What is needed: Leave out the pictures and repeat the data exactly.

Phrase grounding data:
================================

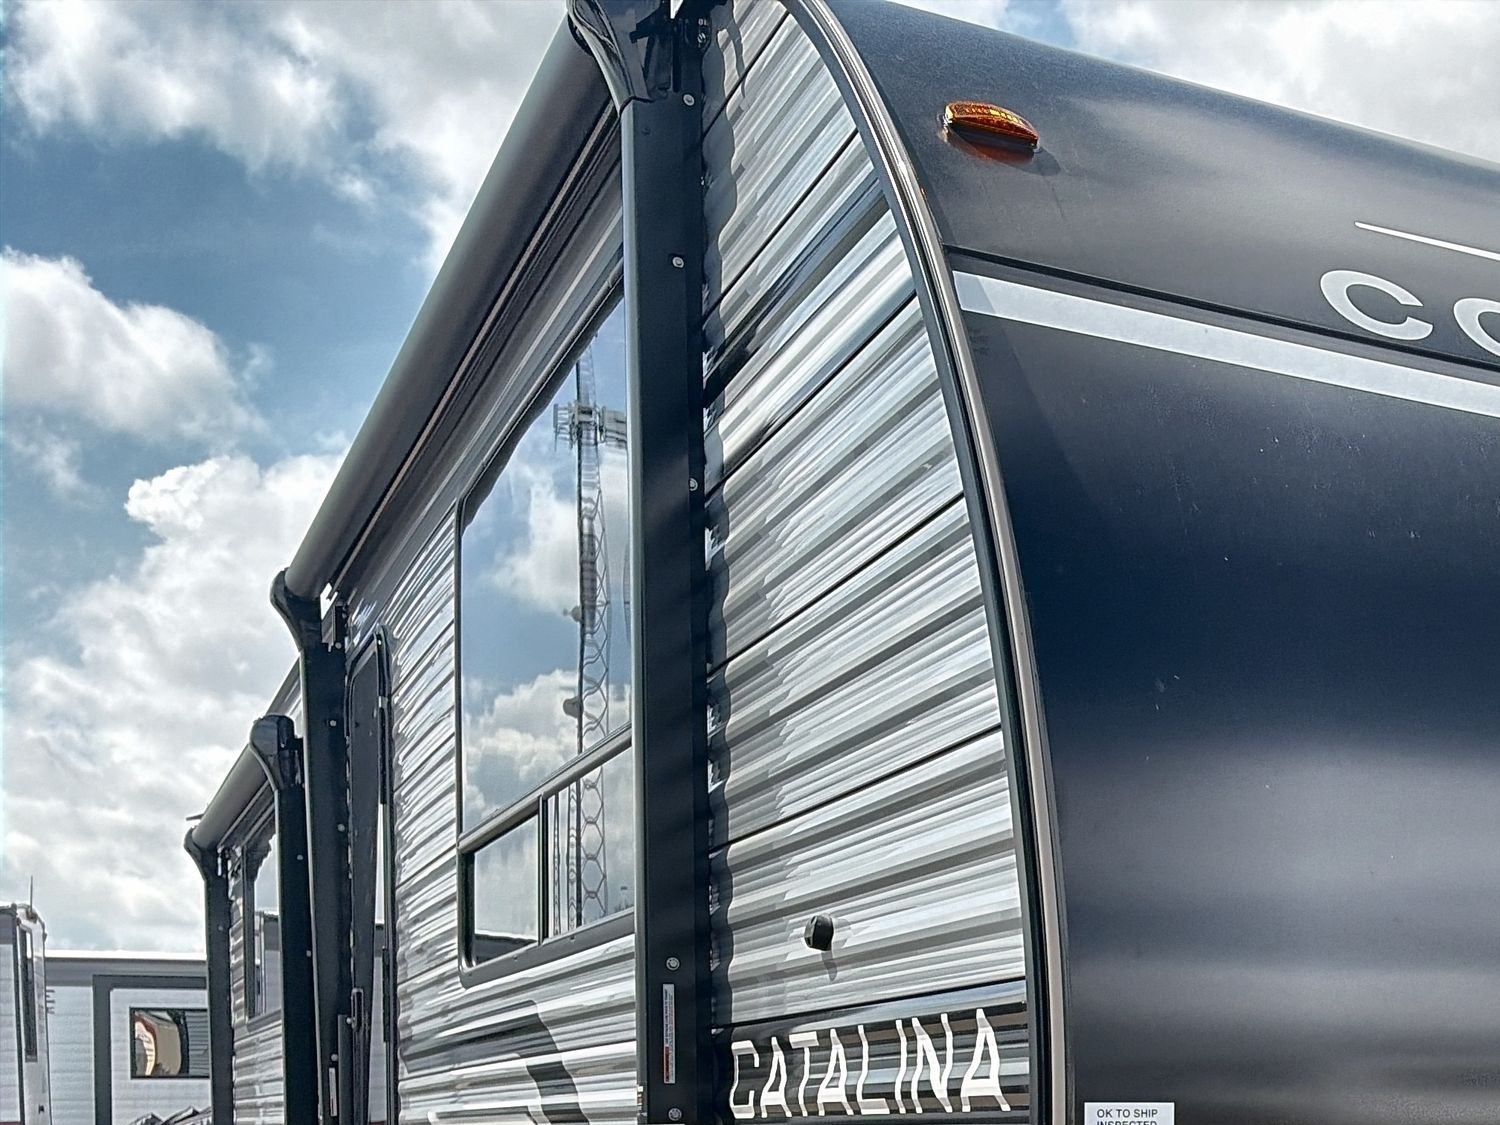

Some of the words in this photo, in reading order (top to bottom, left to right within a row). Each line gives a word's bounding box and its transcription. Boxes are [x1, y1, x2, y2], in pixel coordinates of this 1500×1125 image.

[728, 1008, 1012, 1119] CATALINA
[1096, 1108, 1113, 1118] OK
[1115, 1108, 1131, 1118] TO
[1133, 1108, 1158, 1118] SHIP
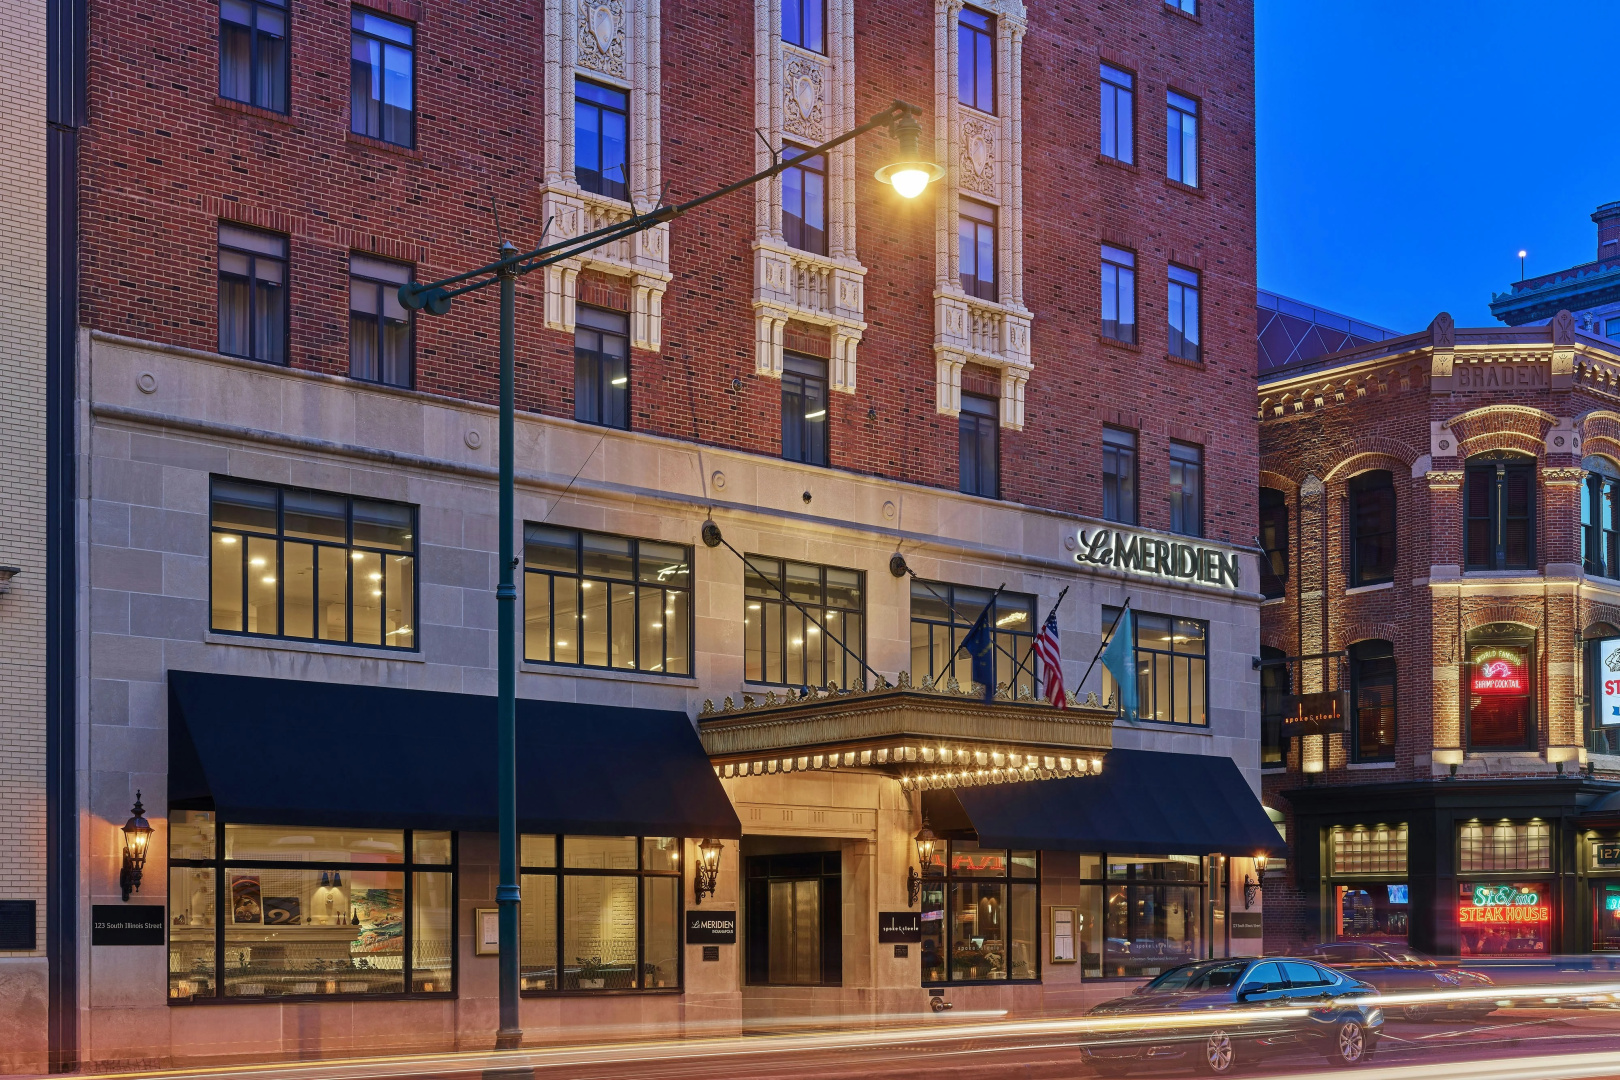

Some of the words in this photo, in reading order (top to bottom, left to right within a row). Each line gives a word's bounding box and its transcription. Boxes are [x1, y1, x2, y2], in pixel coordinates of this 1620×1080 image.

[1076, 529, 1113, 565] Le
[1113, 532, 1238, 588] MERIDIEN
[1475, 650, 1497, 664] WORLD
[1498, 650, 1522, 666] FAMOUS
[1475, 680, 1495, 689] SHRIMP
[1495, 679, 1522, 689] COCKTAIL
[1285, 703, 1309, 724] spoke
[1315, 699, 1341, 721] steele
[1460, 906, 1504, 922] STEAK
[1505, 906, 1548, 921] HOUSE
[690, 920, 700, 929] Le
[700, 920, 734, 929] MERIDIEN
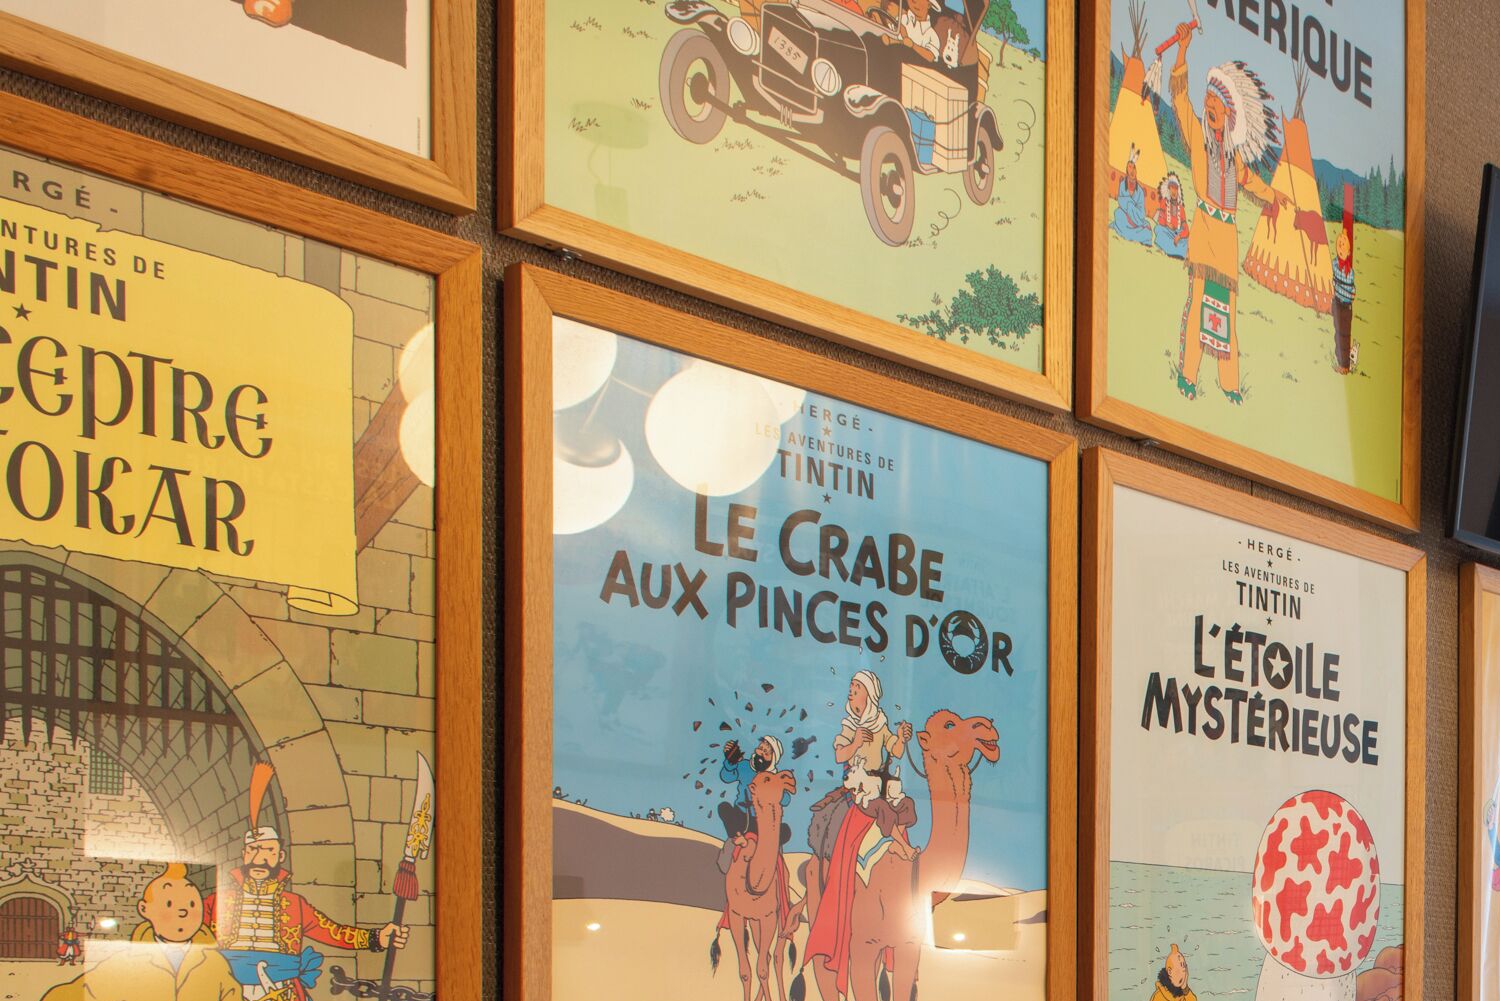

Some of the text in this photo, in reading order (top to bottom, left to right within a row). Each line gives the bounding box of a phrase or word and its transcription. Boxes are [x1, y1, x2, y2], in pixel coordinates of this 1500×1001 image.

[133, 254, 166, 280] DE
[0, 325, 272, 459] EPTRE
[777, 448, 875, 501] TINTIN
[787, 431, 872, 465] AVENTURES
[878, 455, 894, 471] DE
[0, 430, 255, 557] OKAR
[694, 482, 759, 562] LE
[778, 509, 945, 602] CRABE
[1222, 560, 1315, 594] LES AVENTURES DE
[1247, 538, 1293, 561] HERGÉ
[599, 550, 709, 621] AUX
[726, 571, 889, 653] PINCES
[906, 609, 1015, 677] D'OR
[1236, 580, 1301, 620] TINTIN
[1194, 614, 1340, 702] L'ÉTOILE
[1140, 671, 1379, 766] MYSTÉRIEUSE
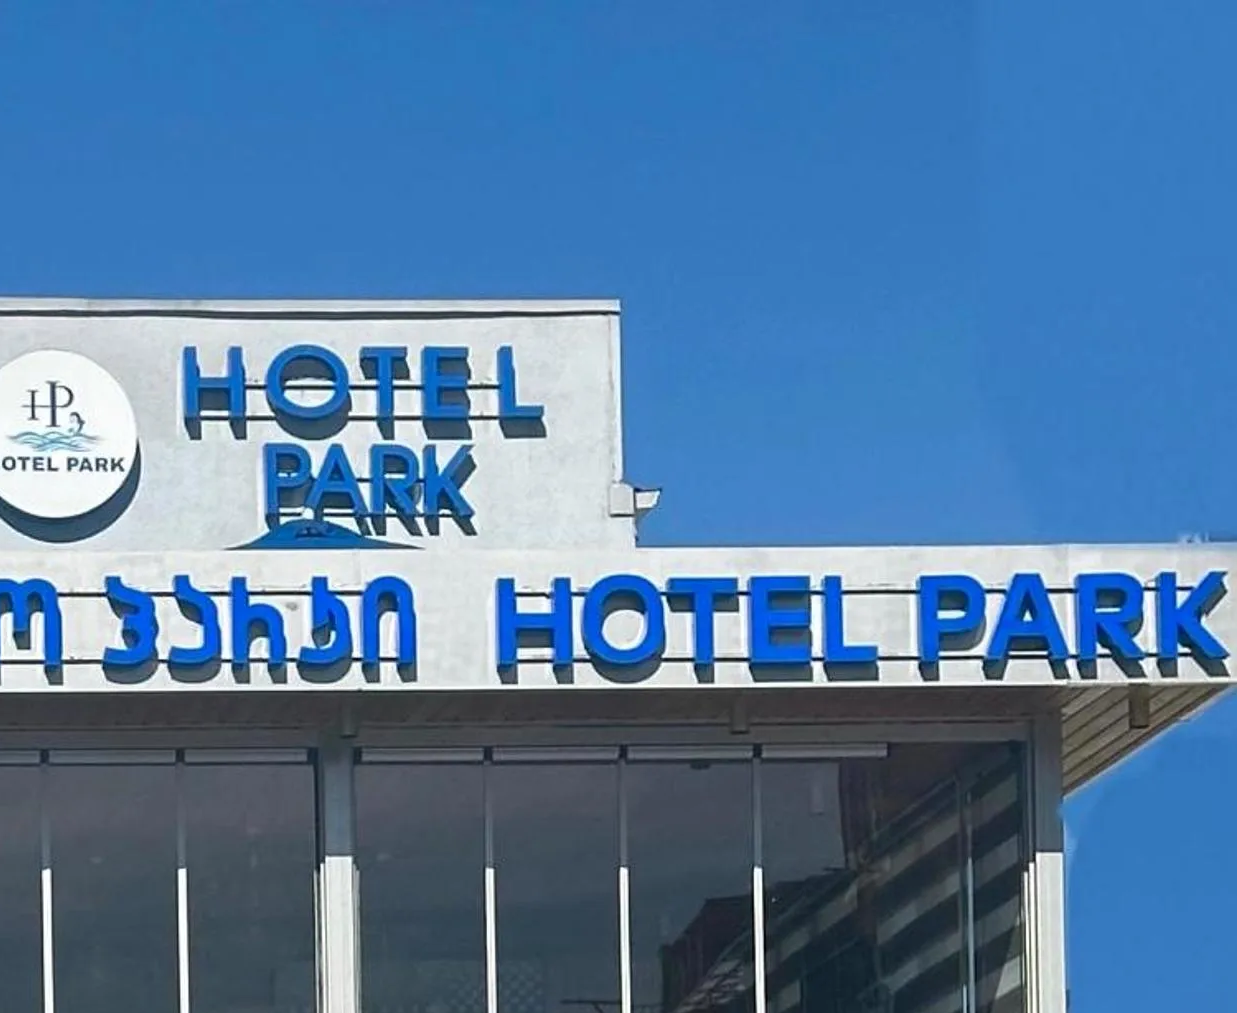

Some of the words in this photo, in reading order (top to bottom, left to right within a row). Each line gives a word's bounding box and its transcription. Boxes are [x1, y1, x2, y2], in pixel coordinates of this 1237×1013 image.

[182, 345, 544, 421] HOTEL
[66, 457, 125, 473] PARK
[265, 443, 476, 518] PARK
[103, 575, 417, 667] პარკი
[495, 573, 879, 668] HOTEL
[916, 571, 1229, 665] PARK
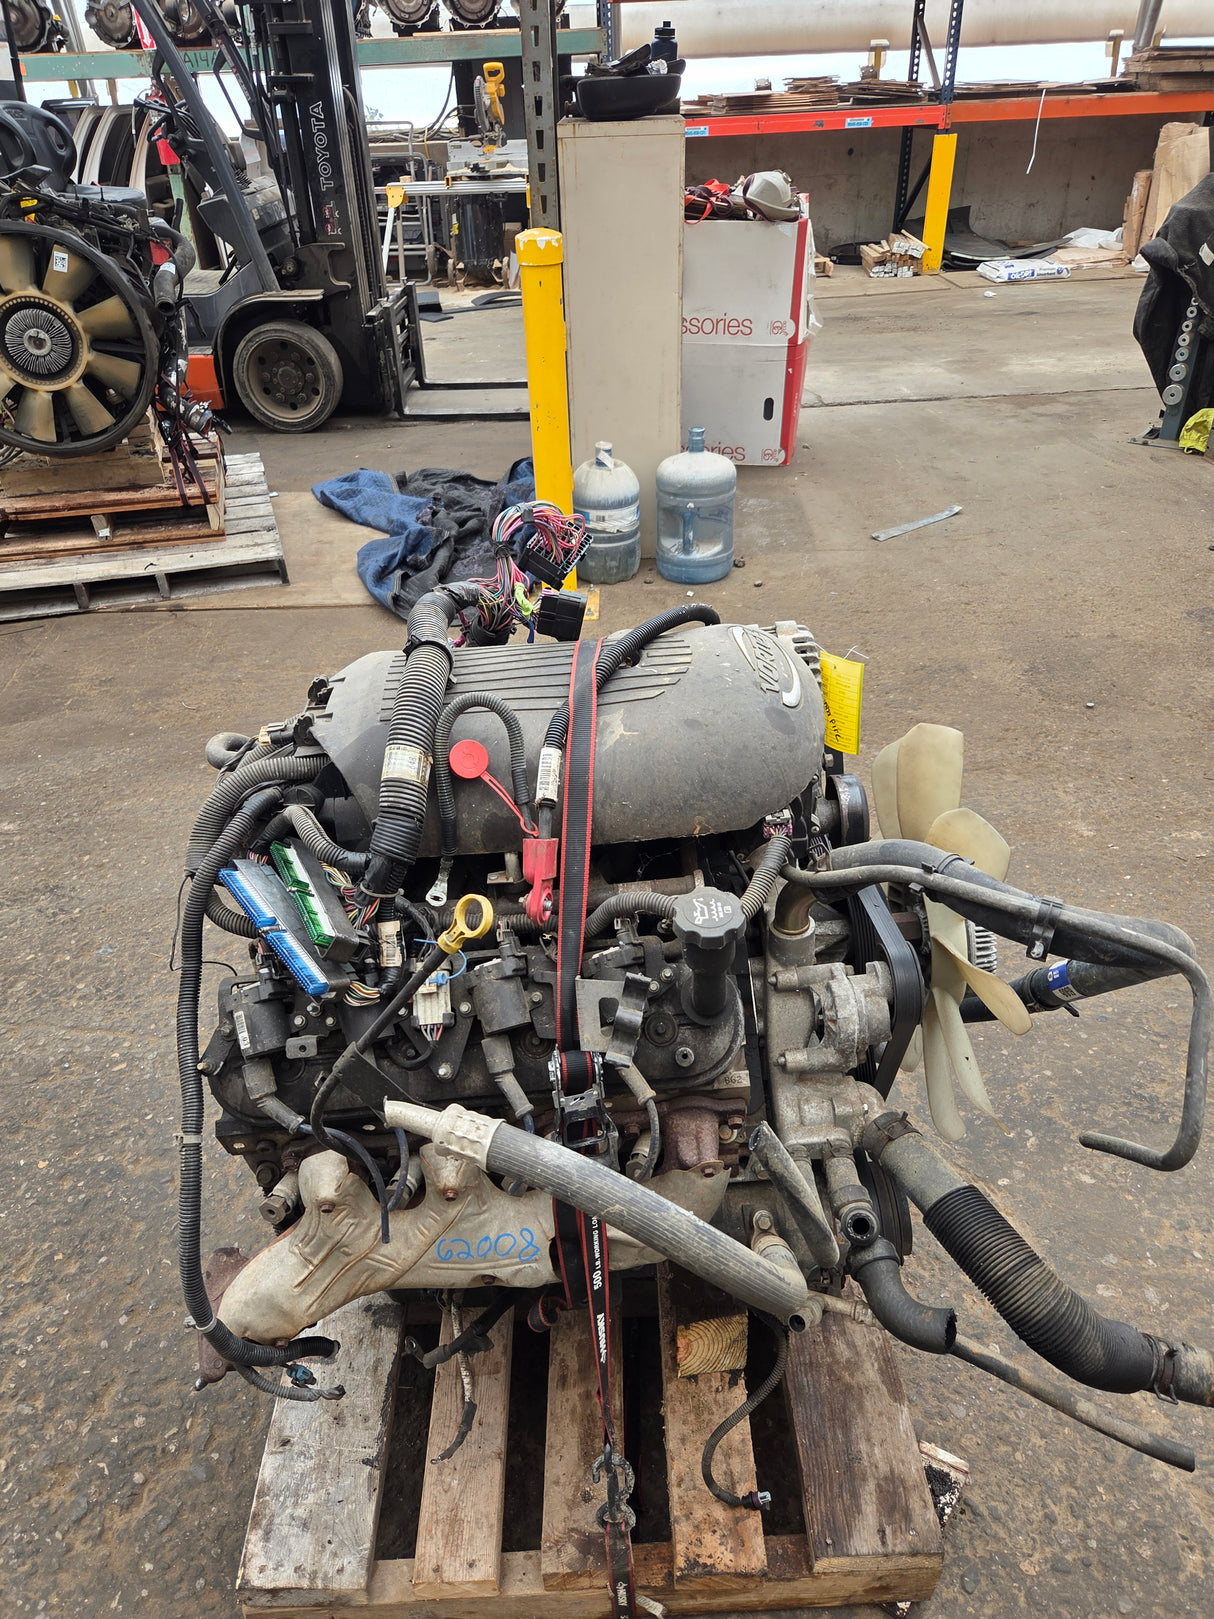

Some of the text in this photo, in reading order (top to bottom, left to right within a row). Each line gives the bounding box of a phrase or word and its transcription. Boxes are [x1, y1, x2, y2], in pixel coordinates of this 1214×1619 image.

================================

Answer to the problem:
Some of the words in this photo, in reading order (top to bottom, left to right within a row). Each line gives a word's bounding box and its transcription. Boxes are [x1, y1, x2, y2], in pixel coordinates of this 1500×1125 image.

[728, 1008, 1012, 1119] CATALINA
[1096, 1108, 1113, 1118] OK
[1115, 1108, 1131, 1118] TO
[1133, 1108, 1158, 1118] SHIP

Some of the words in this photo, in reading order (top to bottom, left to right within a row). Each line gives a word's bounding box and its transcription. Boxes are [x1, y1, x2, y2], in pixel coordinates of this 1620×1080 image.

[1076, 529, 1113, 565] Le
[1113, 532, 1238, 588] MERIDIEN
[1475, 650, 1497, 664] WORLD
[1498, 650, 1522, 666] FAMOUS
[1475, 680, 1495, 689] SHRIMP
[1495, 679, 1522, 689] COCKTAIL
[1285, 703, 1309, 724] spoke
[1315, 699, 1341, 721] steele
[1460, 906, 1504, 922] STEAK
[1505, 906, 1548, 921] HOUSE
[690, 920, 700, 929] Le
[700, 920, 734, 929] MERIDIEN

Some of the text in this photo, in reading order (top to bottom, left to right within a row). Each line gives the bounding box of a phrase or word and its transcription. Boxes are [x1, y1, x2, y2], in pixel coordinates of this 1500×1001 image.

[133, 254, 166, 280] DE
[0, 325, 272, 459] EPTRE
[777, 448, 875, 501] TINTIN
[787, 431, 872, 465] AVENTURES
[878, 455, 894, 471] DE
[0, 430, 255, 557] OKAR
[694, 482, 759, 562] LE
[778, 509, 945, 602] CRABE
[1222, 560, 1315, 594] LES AVENTURES DE
[1247, 538, 1293, 561] HERGÉ
[599, 550, 709, 621] AUX
[726, 571, 889, 653] PINCES
[906, 609, 1015, 677] D'OR
[1236, 580, 1301, 620] TINTIN
[1194, 614, 1340, 702] L'ÉTOILE
[1140, 671, 1379, 766] MYSTÉRIEUSE

Some of the words in this photo, in reading order (top to bottom, left to right within a row). Each line gives a word's bounding box and its transcription. Boxes are [x1, y1, x2, y2], in pixel coordinates of this 1237×1013 image.

[182, 345, 544, 421] HOTEL
[66, 457, 125, 473] PARK
[265, 443, 476, 518] PARK
[103, 575, 417, 667] პარკი
[495, 573, 879, 668] HOTEL
[916, 571, 1229, 665] PARK

Some of the text in this photo, in reading order (top to bottom, left to right within a row). Each line gives the bounding box of a phrase or word and its transcription. Boxes are [x1, y1, x2, y2], in pixel coordinates of this 1214×1619 image.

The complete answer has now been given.